Traces generated by MLflow are compatible with the OpenTelemetry trace specs. Therefore, MLflow traces can be exported to various observability platforms that support OpenTelemetry.

By default, MLflow exports traces to the MLflow Tracking Server. To enable exporting traces to an OpenTelemetry Collector, set the OTEL_EXPORTER_OTLP_ENDPOINT environment variable (or OTEL_EXPORTER_OTLP_TRACES_ENDPOINT) to the target URL of the OpenTelemetry Collector before starting any trace.

pip install opentelemetry-exporter-otlp
import mlflow
import os

# Set the endpoint of the OpenTelemetry Collector
os.environ["OTEL_EXPORTER_OTLP_TRACES_ENDPOINT"] = "http://localhost:4317/v1/traces"
# Optionally, set the service name to group traces
os.environ["OTEL_SERVICE_NAME"] = "<your-service-name>"

# Trace will be exported to the OTel collector at http://localhost:4317/v1/traces
with mlflow.start_span(name="foo") as span:
span.set_inputs({"a": 1})
span.set_outputs({"b": 2})

Click on the following icons to learn more about how to set up OpenTelemetry Collector for your specific observability platform.

Datadog Logo
NewRelic Logo
Signoz Logo
Splunk Logo
Grafana Logo
ServiceNow Logo

Configurations

MLflow uses the standard OTLP Exporter for exporting traces to OpenTelemetry Collector instances. Thereby, you can use all of the configurations supported by OpenTelemetry. The following example configures the OTLP Exporter to use HTTP protocol instead of the default gRPC and sets custom headers:

export OTEL_EXPORTER_OTLP_TRACES_ENDPOINT="http://localhost:4317/v1/traces"
export OTEL_EXPORTER_OTLP_TRACES_PROTOCOL="http/protobuf"
export OTEL_EXPORTER_OTLP_TRACES_HEADERS="api_key=12345"
warning

MLflow only exports traces to a single destination. When the OTEL_EXPORTER_OTLP_ENDPOINT environment variable is configured, MLflow will not export traces to the MLflow Tracking Server and you will not see traces in the MLflow UI.

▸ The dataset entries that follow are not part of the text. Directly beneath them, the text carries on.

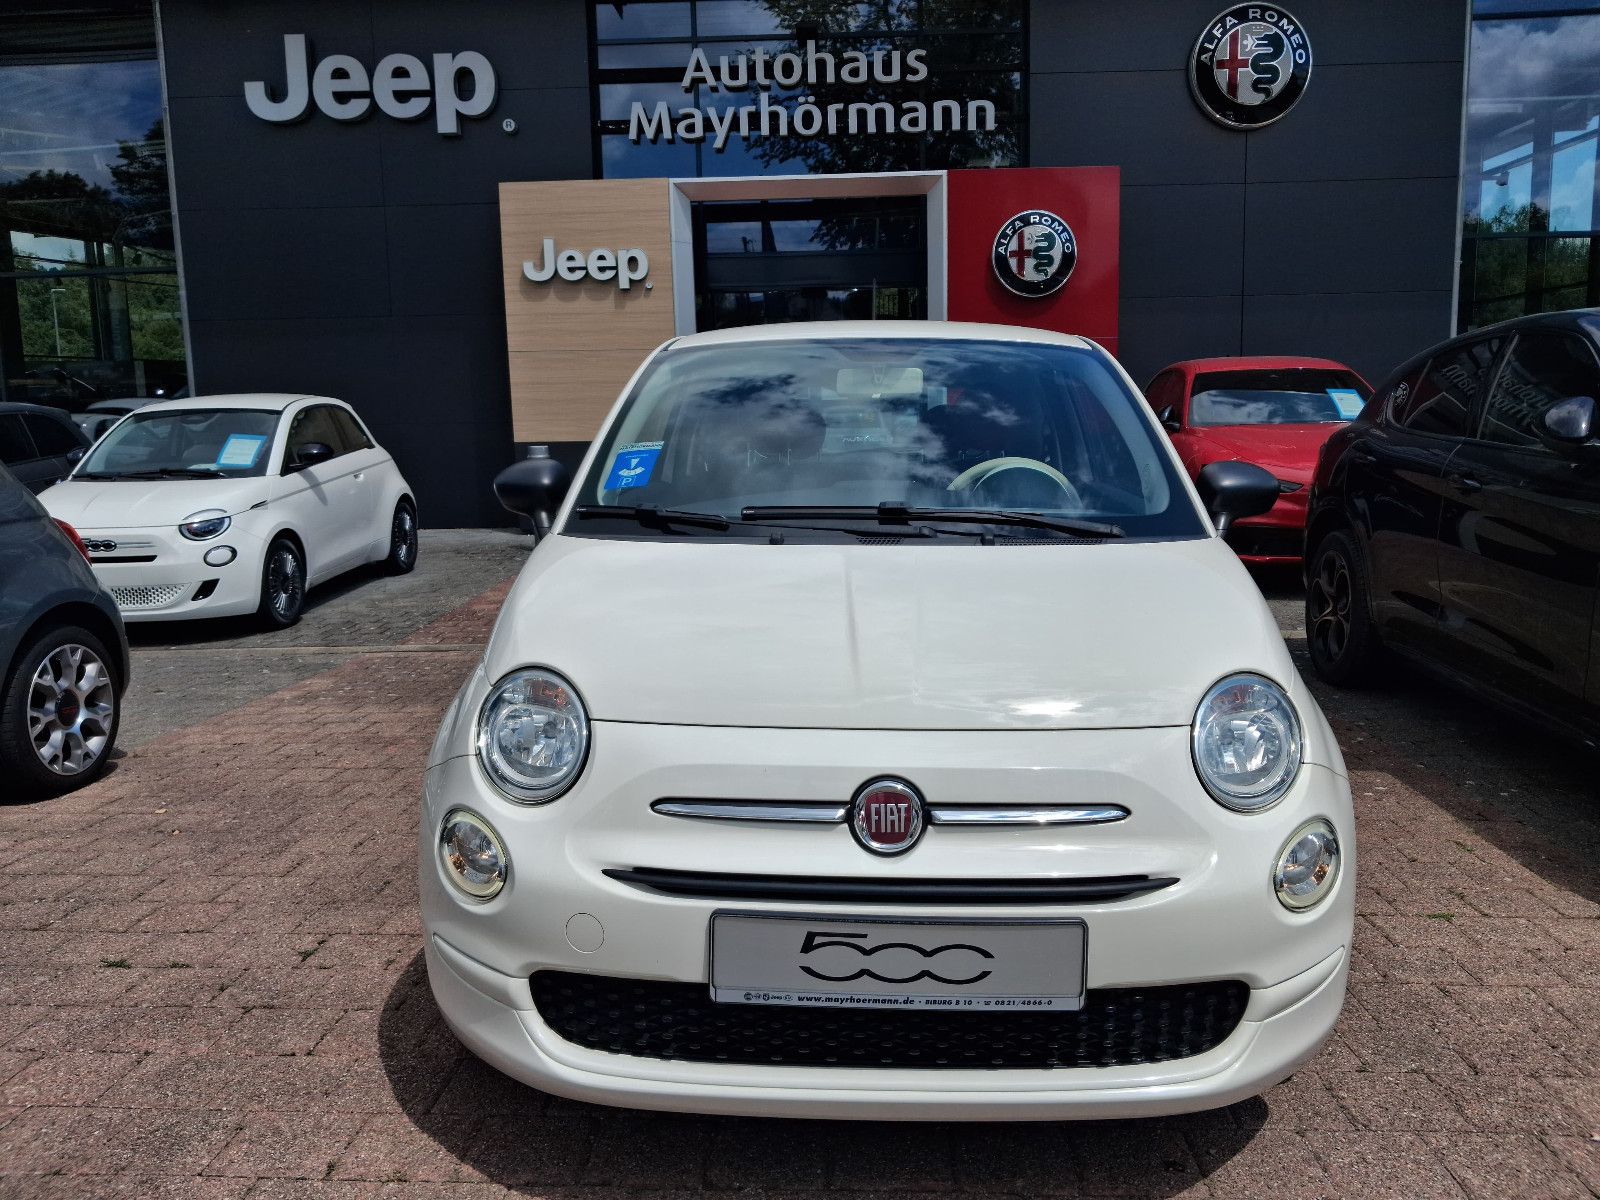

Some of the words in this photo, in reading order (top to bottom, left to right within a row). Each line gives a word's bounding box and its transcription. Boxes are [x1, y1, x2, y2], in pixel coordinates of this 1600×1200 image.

[1200, 15, 1239, 66] ALFA
[1248, 8, 1306, 64] ROMEO
[244, 33, 496, 135] Jeep
[681, 39, 928, 92] Autohaus
[628, 92, 998, 150] Mayrhörmann
[998, 220, 1024, 255] ALFA
[1030, 215, 1072, 253] ROMEO
[523, 238, 649, 289] Jeep
[870, 803, 908, 833] FIAT
[798, 930, 996, 985] 500
[797, 994, 915, 1006] www.mayrhoermann.de
[994, 999, 1053, 1007] 0821/4866-0
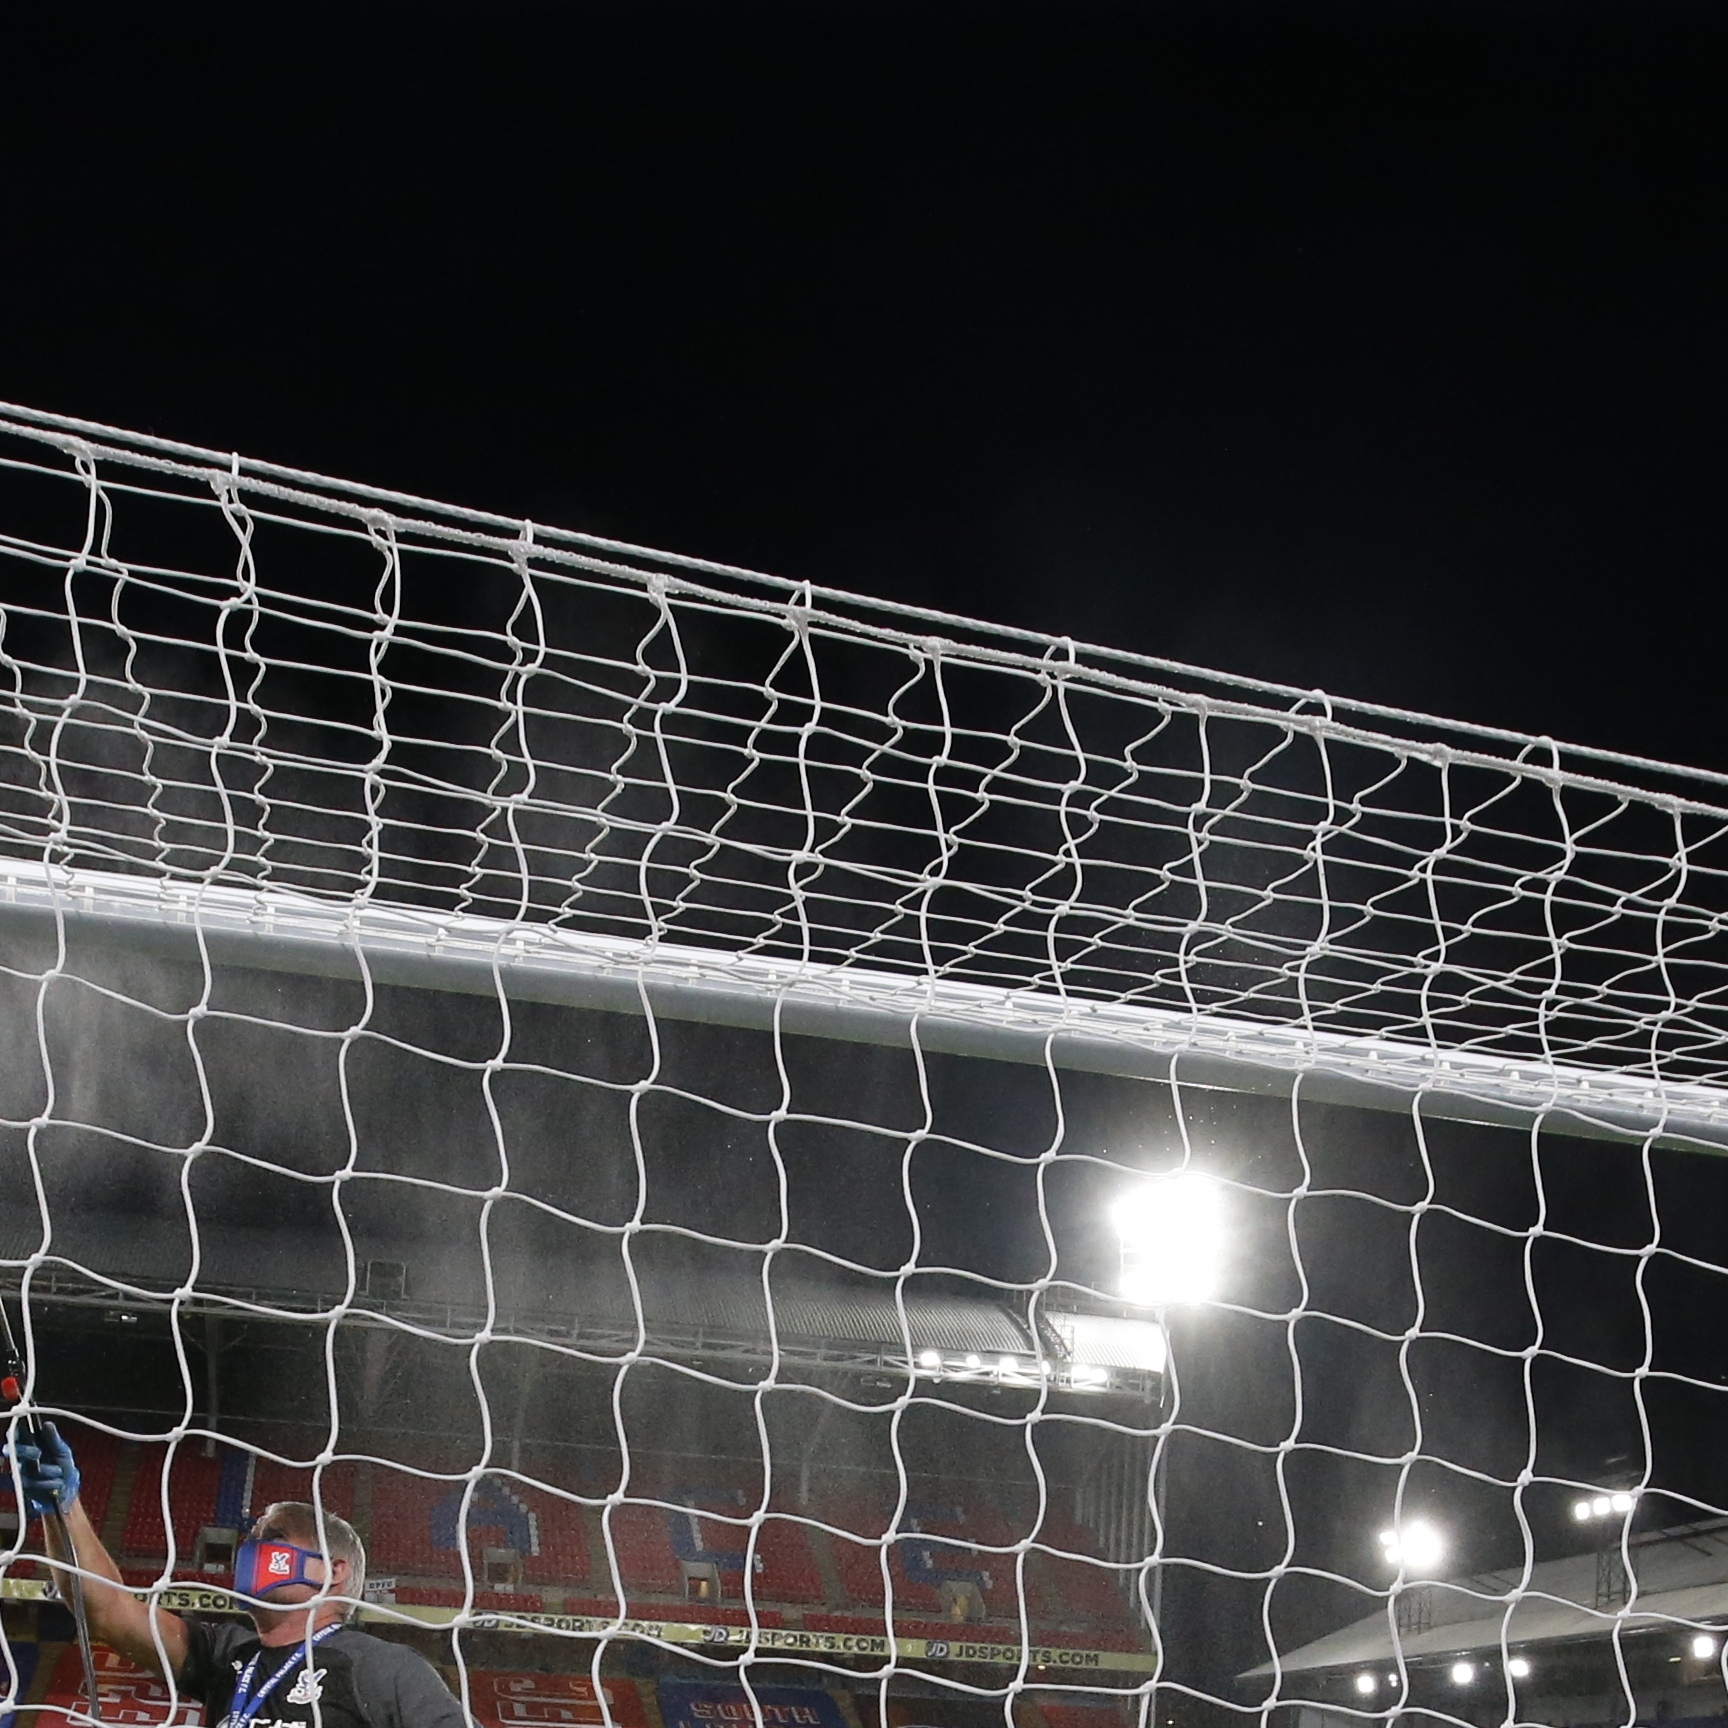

Similarly, if you deploy the model to the Databricks Model Serving with tracing enabled, using the OpenTelemetry Collector will result in traces not being recorded in the Inference Table.

Self-host Tracking Server

You can keep using the MLflow tracking server to store production traces. However, tracking server is optimized for offline experience and generally not suitable for handling the hyper scale traffic. Thereby, we recommend using the other two options for production monitoring use case.

If you choose to keep using the tracking server in production, we strongly recommend using SQL-based tracking server on top of a scalable database and artifact storage, as it will be a key factor for write and query performance. Refer to the tracking server setup guide for more details. In addition, tracking server by default uses infinite retention date for trace data, hence it is recommended to set up periodic deletion job using the SDK or REST API.